1. Vitamin D comes from sun exposure, not your diet.
When you expose your skin to the sun, your body makes vitamin D, lots of it. On the other hand, there isn’t much vitamin D found in foods. This means that getting enough vitamin D depends on getting frequent and moderate sun exposure, not eating a balanced diet.
|Vitamin D [µg]||Vitamin D [i.u.]||x gram per
1.000 i.u. Vit D
|Hering (100 g)||25 µg||1.000 i.u.||100 g|
|Salmon (100 g)||16 µg||640 i.u.||156 g|
|Avocado (100 g)||6 µg||240 i.u.||417 g|
|Egg (100 g)||2,9 µg||116 i.u.||862 g|
|Champignon (100 g)||1,9 µg||76 i.u.||1.316 g|
2. Scientists and doctors agree that at least a third of the world is deficient in vitamin D.
Some scientists think even a greater percentage are deficient. This is because we live in an indoor society, more so now than ever before in human history.
3. If you don’t get frequent moderate sun exposure or take a vitamin D supplement, you’re likely deficient in vitamin D.
Some people get tested for vitamin D by their doctors and are shocked to find out they’re deficient. But unless you get frequent moderate sun exposure or take a supplement, it shouldn’t come as a surprise at all. These are the only reliable ways to get the vitamin D your body needs. While there is a little bit of vitamin D in fish and fortified milk, there isn’t enough to make sure you’re sufficient in vitamin D.
4. Moderate midday sun exposure is the best for making vitamin D.
In order to make vitamin D, the sun needs to be high up in the sky, high enough so that your shadow is shorter than you. If your shadow is longer than you, the sun isn’t intense enough to help your body make vitamin D. Midday sun exposure is best; this is when the sun is high and your shadow is shorter than you are.
5. You don’t need to burn to make vitamin D.
To make good amounts of vitamin D, you should spend half the time out in the sun that it would take for your skin to turn pink.
6. Vitamin D supplements are a good option in the wintertime to get the vitamin D you need.
In the northern hemisphere, the sun starts focusing more on the southern hemisphere. The sun’s rays strike the northern hemisphere at a different angle, an angle that isn’t quite as intense as during the summer. In consequence, your body has a harder time making vitamin D in the winter compared to the summer. The further north you live, the more difficult it is to make vitamin D in the winter.
Remember you can always check to see if you’re making vitamin D by looking at your shadow. If it’s longer than you, you aren’t making much vitamin D. And in the winter, your shadow is often longer than you.

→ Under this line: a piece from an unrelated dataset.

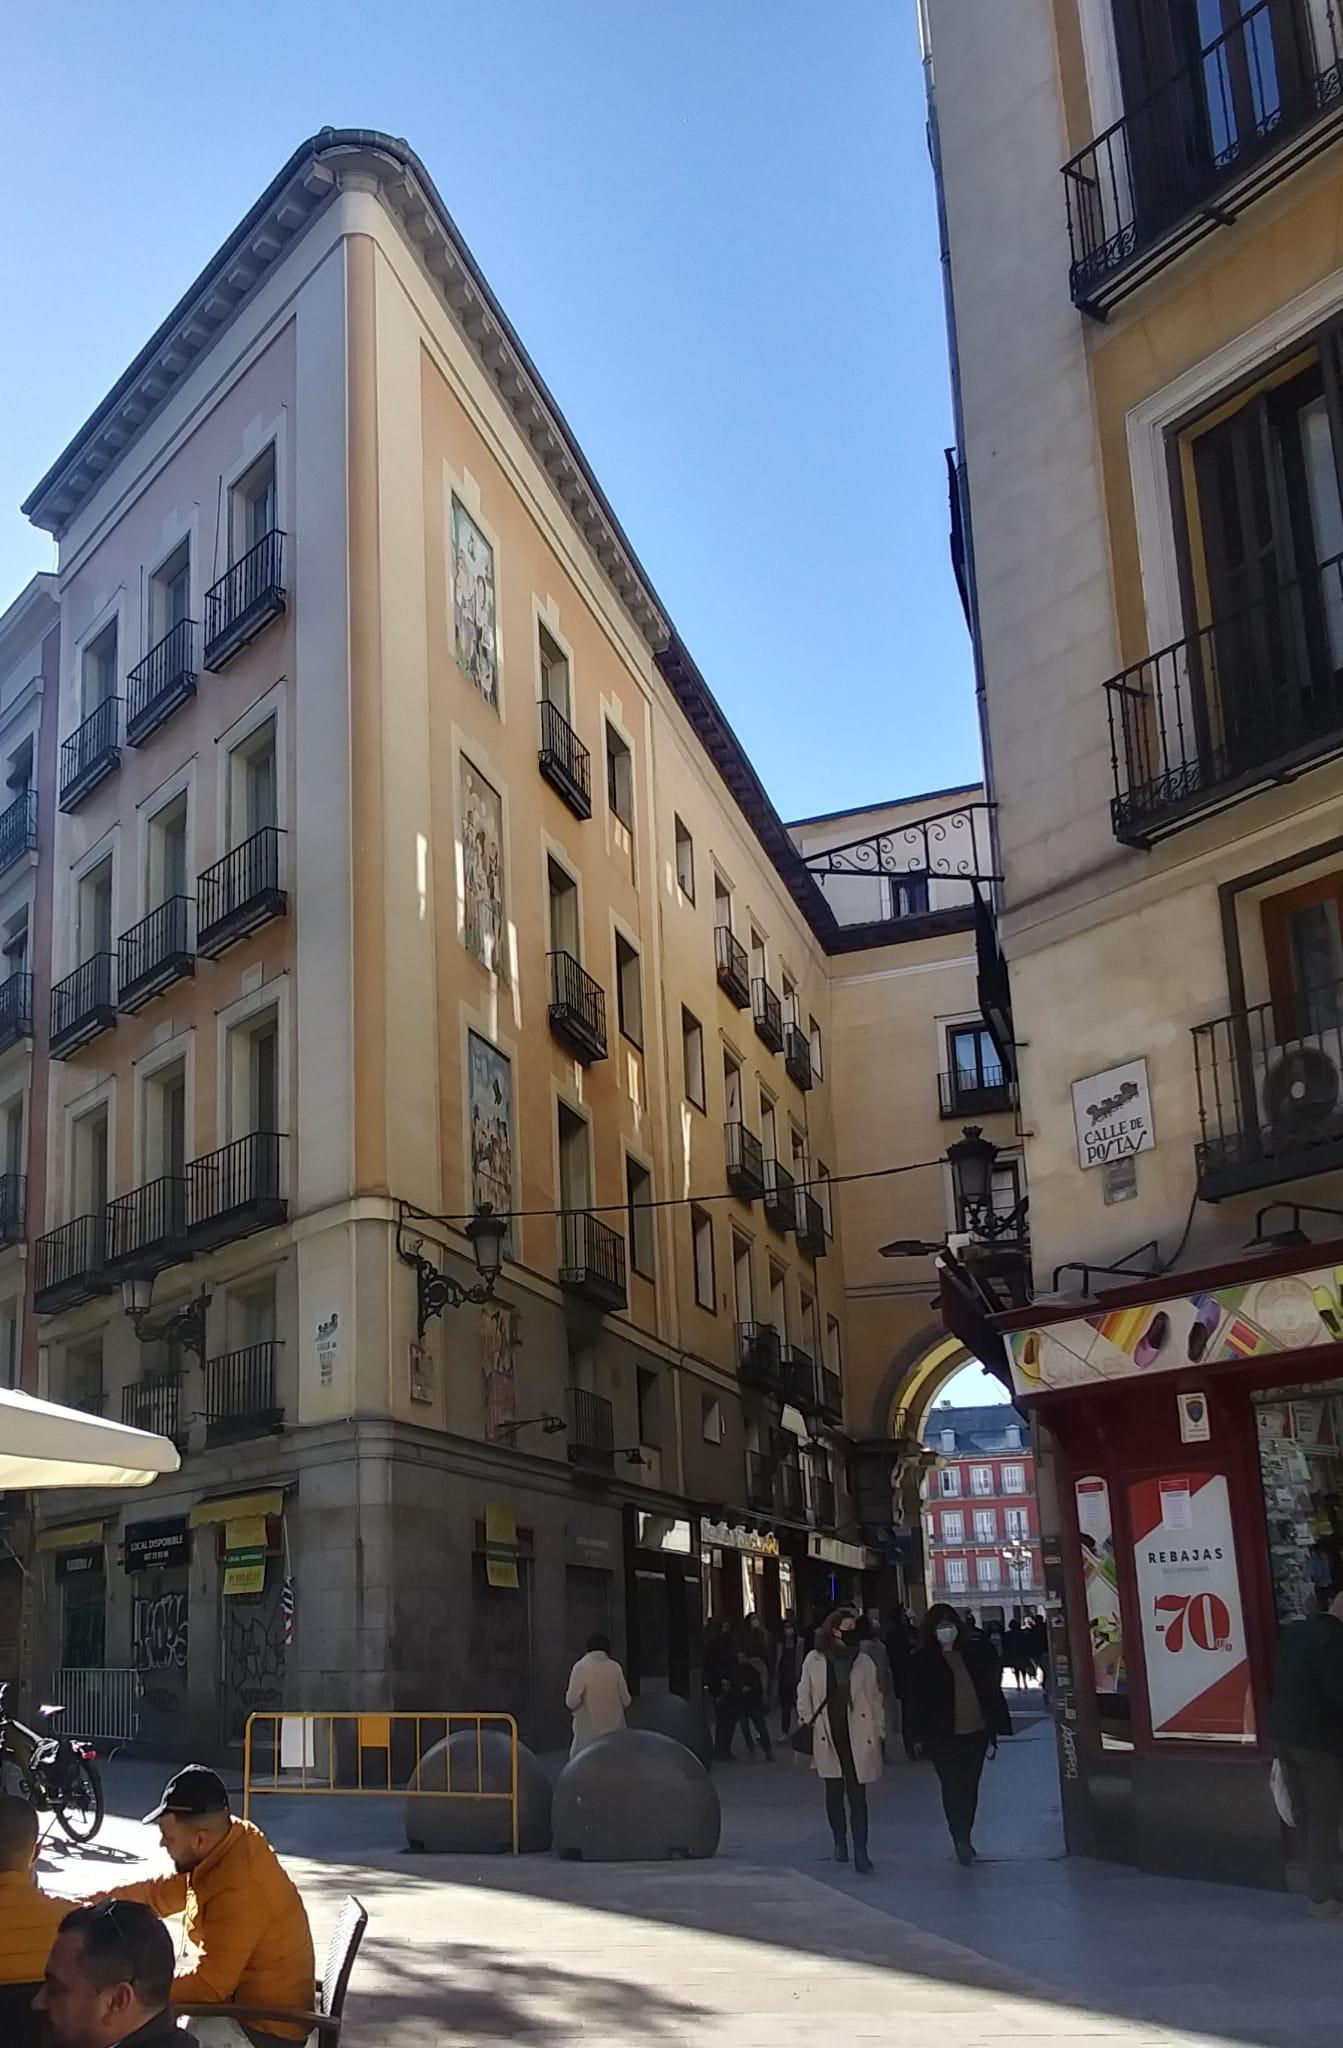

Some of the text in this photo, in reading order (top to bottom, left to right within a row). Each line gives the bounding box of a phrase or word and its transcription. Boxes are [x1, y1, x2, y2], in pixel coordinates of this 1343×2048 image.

Have no fear that you can’t make vitamin D! Vitamin D supplements are a good option in the wintertime. Low-pressure sunbeds and UV light units are also options to help you make vitamin D during the winter.
7. Vitamin D is important for many things, including your bones, heart, respiratory system, brain, and likely cancer prevention.
Scientists are still discovering the effects of vitamin D on disease prevention, but researchers believe it may play a central role in preventing autoimmune diseases like multiple sclerosis and type I diabetes, preventing cancers like breast and colon, and keeping the heart healthy, by influencing muscle function and hormones involved in heart health.
8. Consider getting tested for vitamin D, to see if you’re getting enough.
Vitamin D tests are pretty easy. You can ask your doctor to add it to your next routine blood panel.
While not all doctors agree how much vitamin D you need, a group of 42 of the world’s top vitamin D researchers think the optimal vitamin D level is between 40-60 ng/ml [100-150 nmol/l] or, a level the majority of northern populations fall well below.